In Indonesia, the oldest cave painting ever discovered

A simple handprint discovered in a cave in Indonesia has just shaken up the chronology of prehistoric art. Since 2015, archaeologist Adhi Agus Oktaviana, a researcher at the Indonesian National Research and Innovation Agency (BRIN), has been studying prehistoric handprints on the island of Muna, Sulawesi province. His research brought to light a negative hand (hand stencil) painted with ocher, discovered in the Liang Metanduno cave, located in a karst area of ​​Sulawesi, a large island in Indonesia between Southeast Asia and Australia–New Guinea.

Today, the outline of the negative hand is very blurred and difficult to see with the naked eye due to tens of millennia of erosion. Only a fragment of the palm and part of the fingers remain in the form of a pale ocher shadow. A remarkable feature is that the ends of the fingers have been deliberately represented in a tapered and pointed manner, evoking the claw of an animal. According to the researchers, this intentional modification of the pattern – achieved either by touching up the outline with a brush or by moving the hand slightly when spraying pigment – ​​is a style documented only in Sulawesi.

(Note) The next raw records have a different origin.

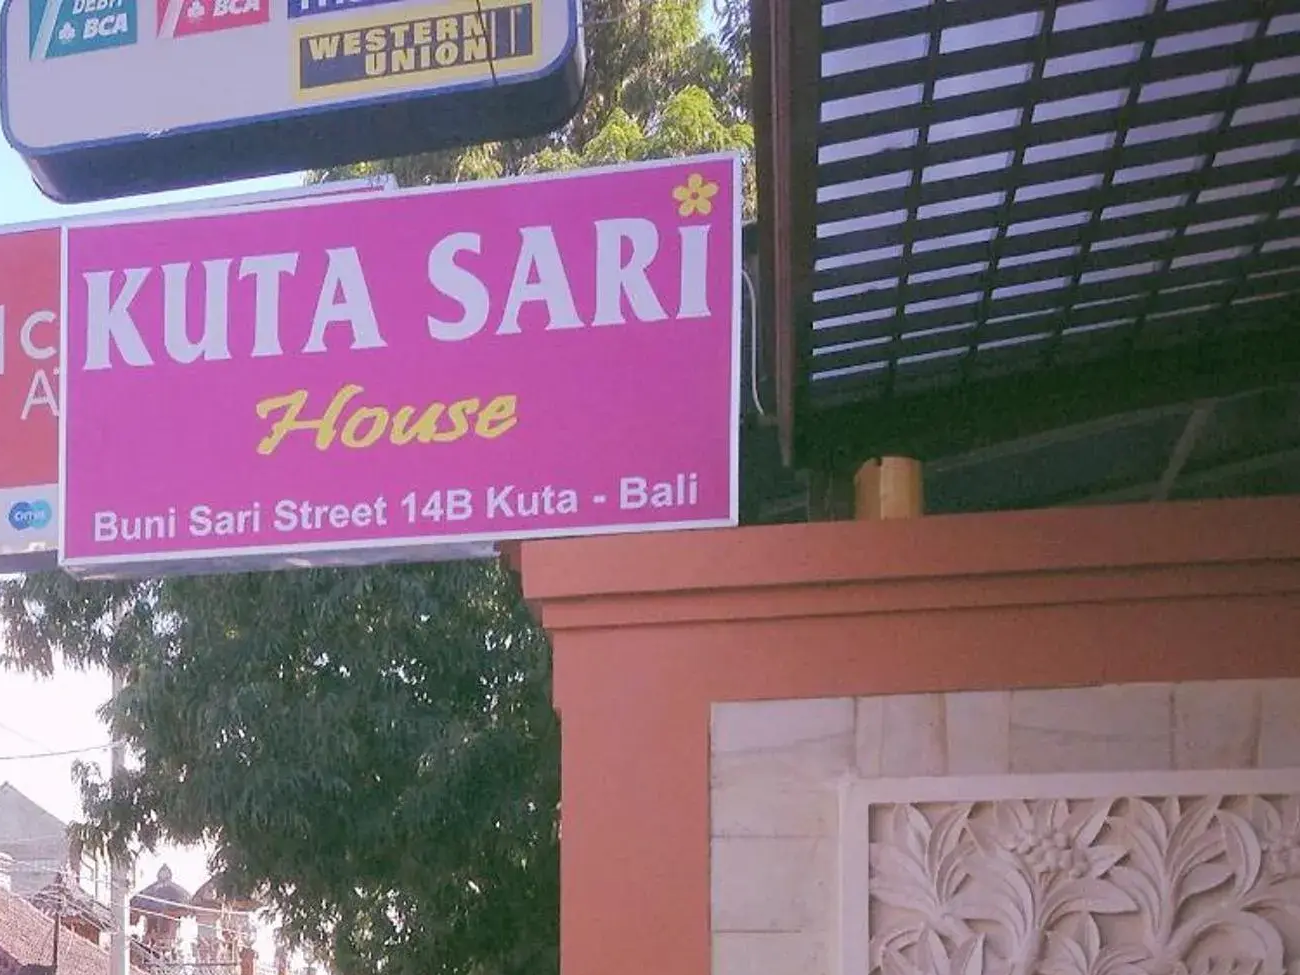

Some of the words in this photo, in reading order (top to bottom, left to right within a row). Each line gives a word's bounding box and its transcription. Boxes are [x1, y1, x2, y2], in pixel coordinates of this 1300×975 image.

[83, 13, 128, 39] BCA
[213, 0, 260, 16] BCA
[309, 13, 487, 61] WESTERN
[365, 37, 487, 76] UNION
[81, 245, 388, 371] KUTA
[20, 368, 59, 420] A
[256, 383, 518, 456] House
[93, 511, 176, 542] Buni
[189, 505, 261, 538] Sari
[274, 495, 388, 532] Street
[401, 488, 473, 523] 14B
[485, 484, 578, 519] Kuta
[619, 472, 699, 510] Bali
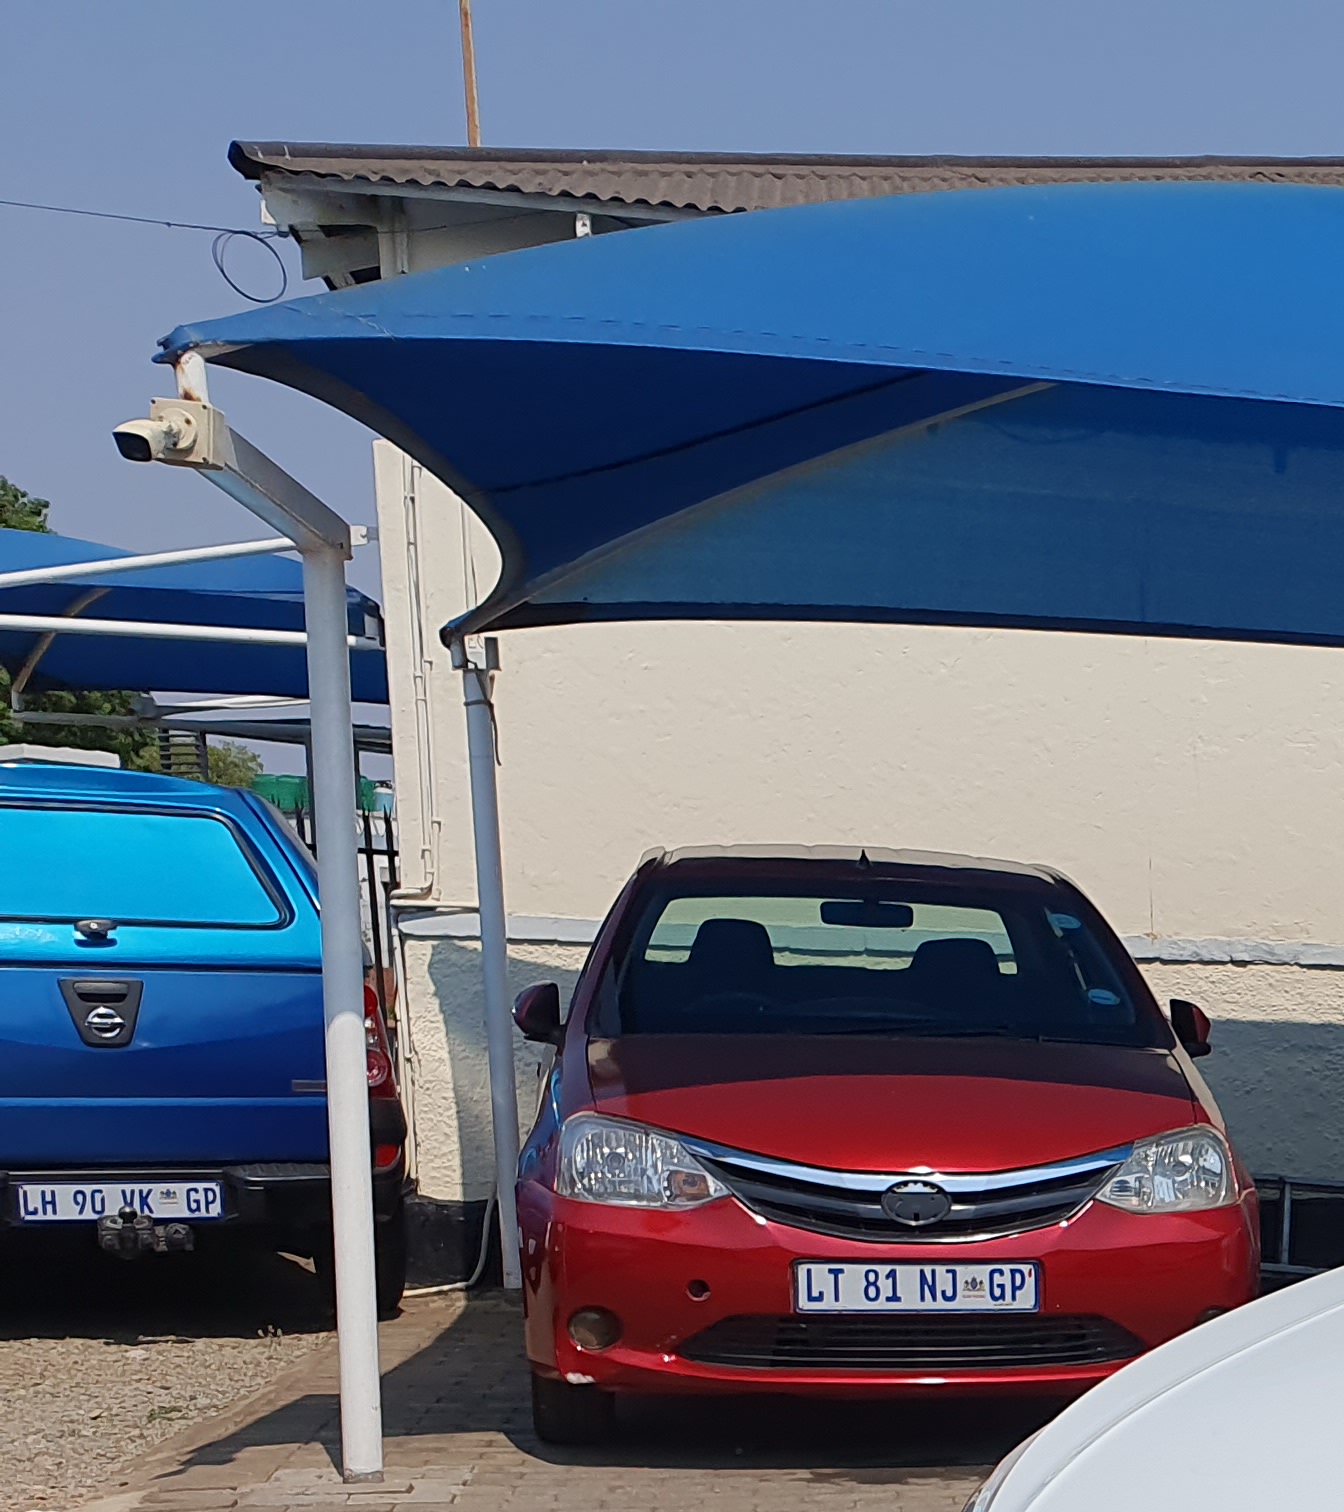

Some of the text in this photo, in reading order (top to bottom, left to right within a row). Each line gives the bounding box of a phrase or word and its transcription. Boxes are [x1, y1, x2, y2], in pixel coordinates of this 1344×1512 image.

[23, 1187, 217, 1216] LH 90 VK GP
[806, 1268, 1026, 1302] LT 81 NJ GP

Stencils of “negative hands” with narrow fingers discovered at the Leang Jarie site, Maros, Sulawesi.

© Ahdi Agus Oktaviana

Researchers do not know the precise meaning of this “claw-shaped” hand. However, they see it as the expression of a deep cultural symbolism specific to the artists of the time. Furthermore, this imprint is not an isolated case. Similar, better-preserved images of pointed hands were spotted in the same region, indicating that this was a repeated pattern.

To establish the age of the painting, the international team used uranium dating (uranium-thorium) using a precise technique. Tiny mineral concretions of calcite had formed over time on top of the hand pigment. The researchers took small samples (around 5 mm) of these calcitic deposits. They analyzed them by laser ablation coupled with mass spectrometry in order to measure the traces of uranium and thorium they contain. This process makes it possible to determine when these minerals formed on the paint. The calcite covering Liang Metanduno’s hand puts the minimum age of the pattern at around 67,800 years. A second hand negative located nearby has been dated to around 60,900 years ago.

This discovery considerably pushes back the date of the first known artistic expressions. It fills an important gap in the history of human migrations in Southeast Asia. The Sulawesi hand now surpasses the previous record for cave art in Indonesia by 16,000 years and the oldest European paintings by more than 30,000 years.

By establishing that Homo sapiens was already creating symbolic images nearly 68 millennia ago in this region, the researchers provide a decisive archaeological clue to the early settlement of Australia. Muna Cave now provides the oldest direct evidence of the presence of Homo sapiens along the northern migratory corridor (mainland Southeast Asia → Borneo → Sulawesi → New Guinea/Australia).

The negative hand of Sulawesi sheds light on the cognitive capacities and the symbolic universe of humans at the end of the Pleistocene. First, the very creation of this painting demonstrates abstract thinking and sophisticated artistic intention. Then, the voluntary modification of the shape (fingers elongated into claws) reveals an element of imagination and advanced creativity.